Sunday, February 06, 2005

Jung at Heart: Curt Schilling & Smashing QuesTecs  

Organizations' application of pop-psychology systems and tests is proportional to their expected margin. In phat times like the 90s, people partied with them, but in lean times like these, you see them in the field less frequently than that old TV commercial with George Steinbrenner plugging Prozac.

A lot of those pop-psych systems sold to big organizations aren't actionable in the field; their introduction in the workplace is the consequence of someone with budget authority falling in love with it for the insights he learned from it wanting to spread the joy. I'm not suggesting there's not useful information to harvest from these systems, just that their lessons generally are less applicable to organizational development than they are to individual development. I call these glancing discoveries a "Yreka", a disappointing minor league example of the Archimedean "Eureka" discoveries that have serious torque.

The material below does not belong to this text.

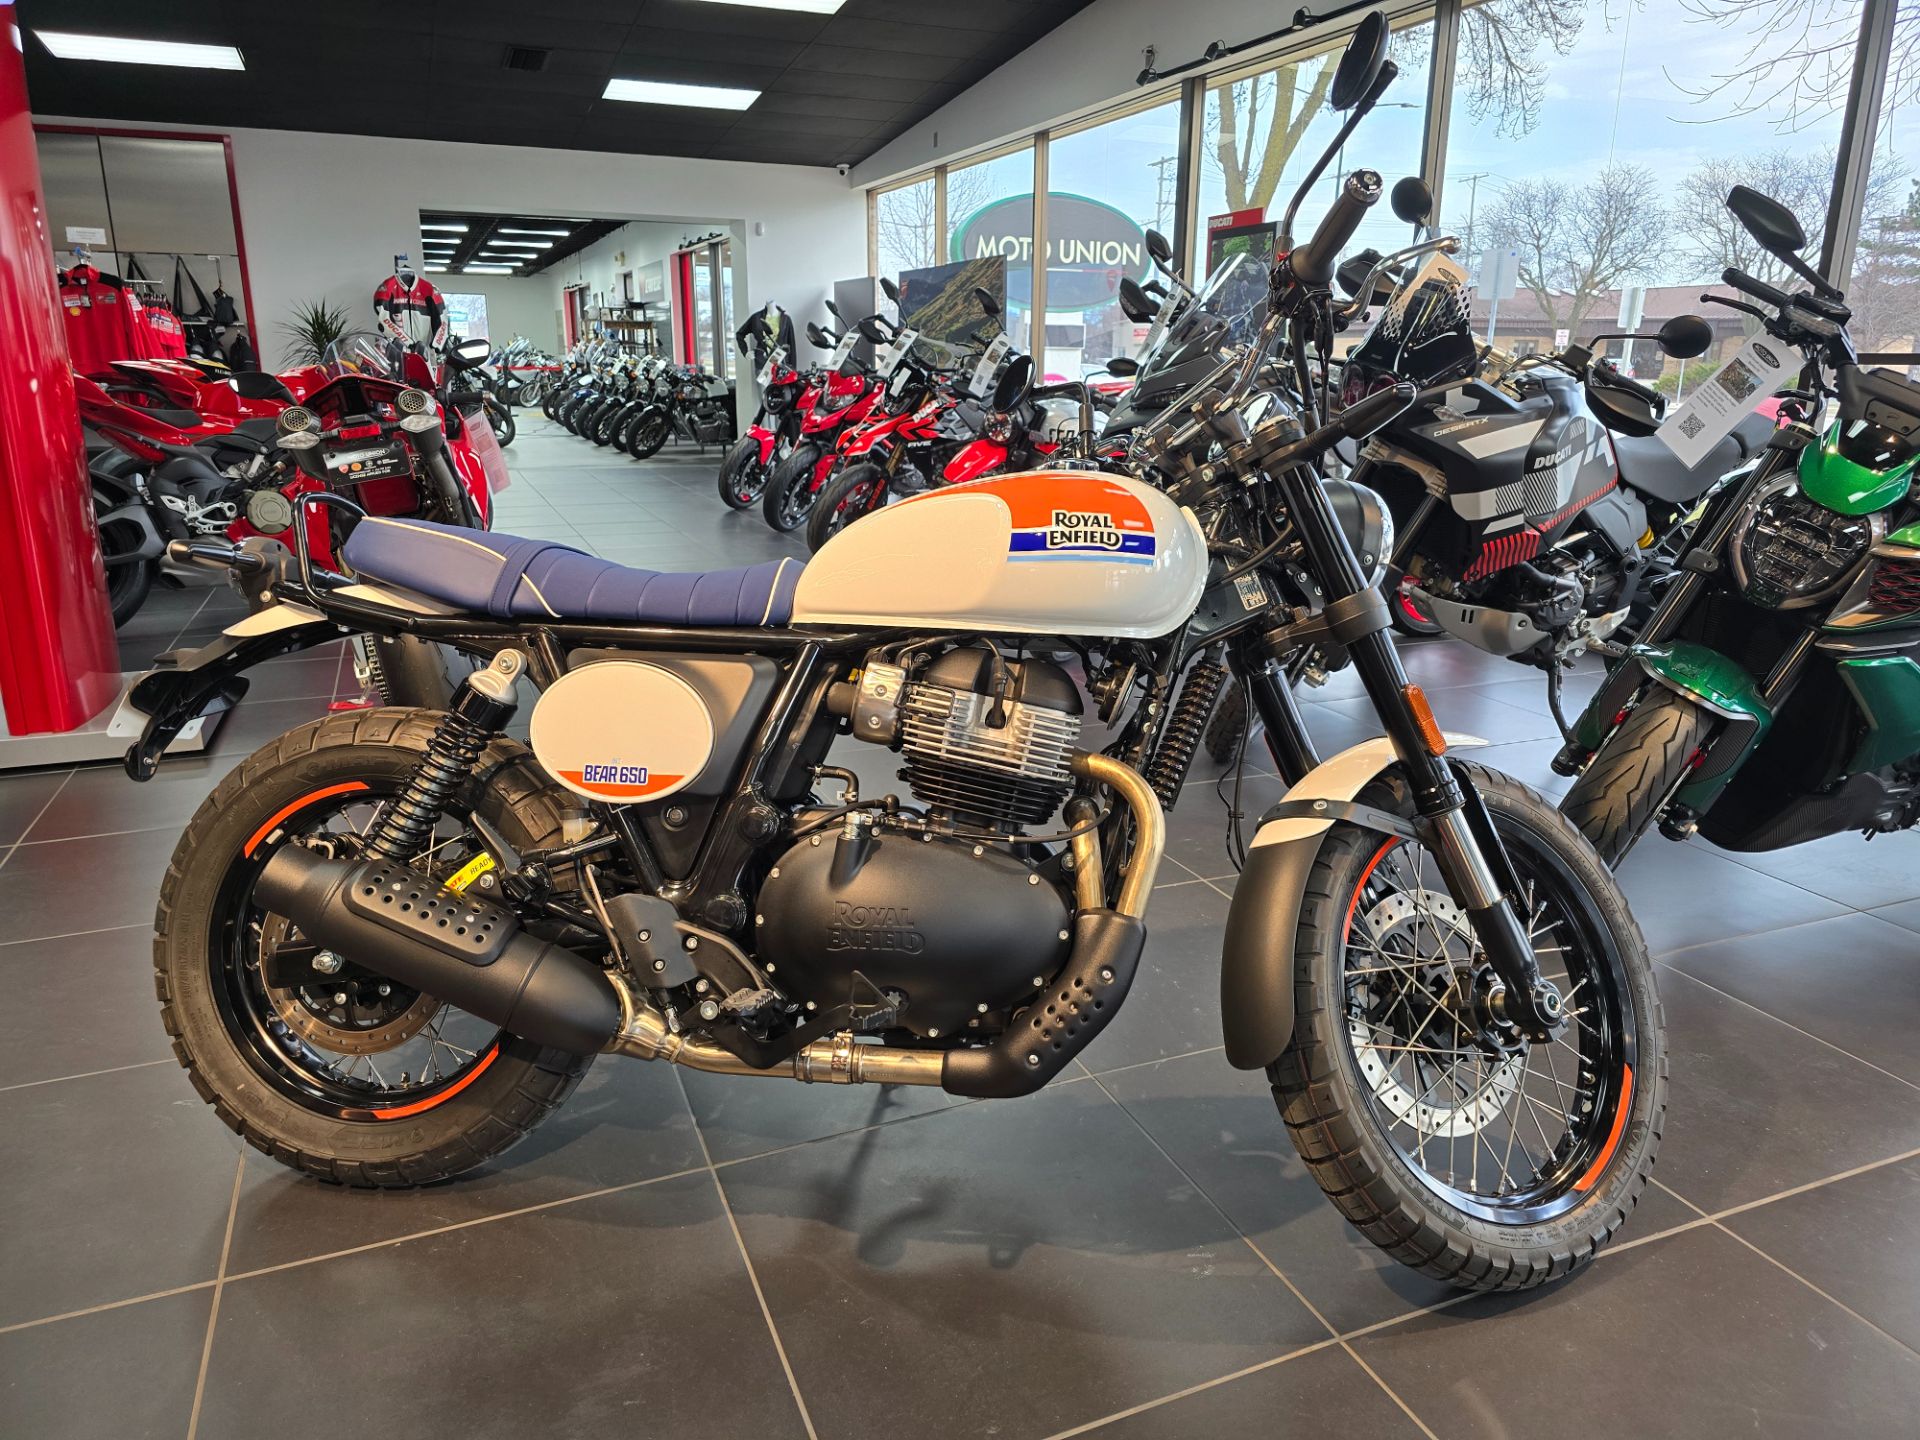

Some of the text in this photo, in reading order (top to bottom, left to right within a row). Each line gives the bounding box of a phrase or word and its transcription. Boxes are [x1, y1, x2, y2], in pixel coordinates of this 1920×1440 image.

So I was pleased this morning to discover someone is using my personal favorite Eureka pop-psych test on baseball players as a way to help them compete more effectively. I'm disappointed that, in what appears to be a marketing gimmick, they are way over-reaching the general value of the test's strengths and making it sound like a panacea, a potentially dangerous implementation of the method. I'll re-hash the essence of this morning's news, summarize the method's strengths and its limits, and tell you its applications.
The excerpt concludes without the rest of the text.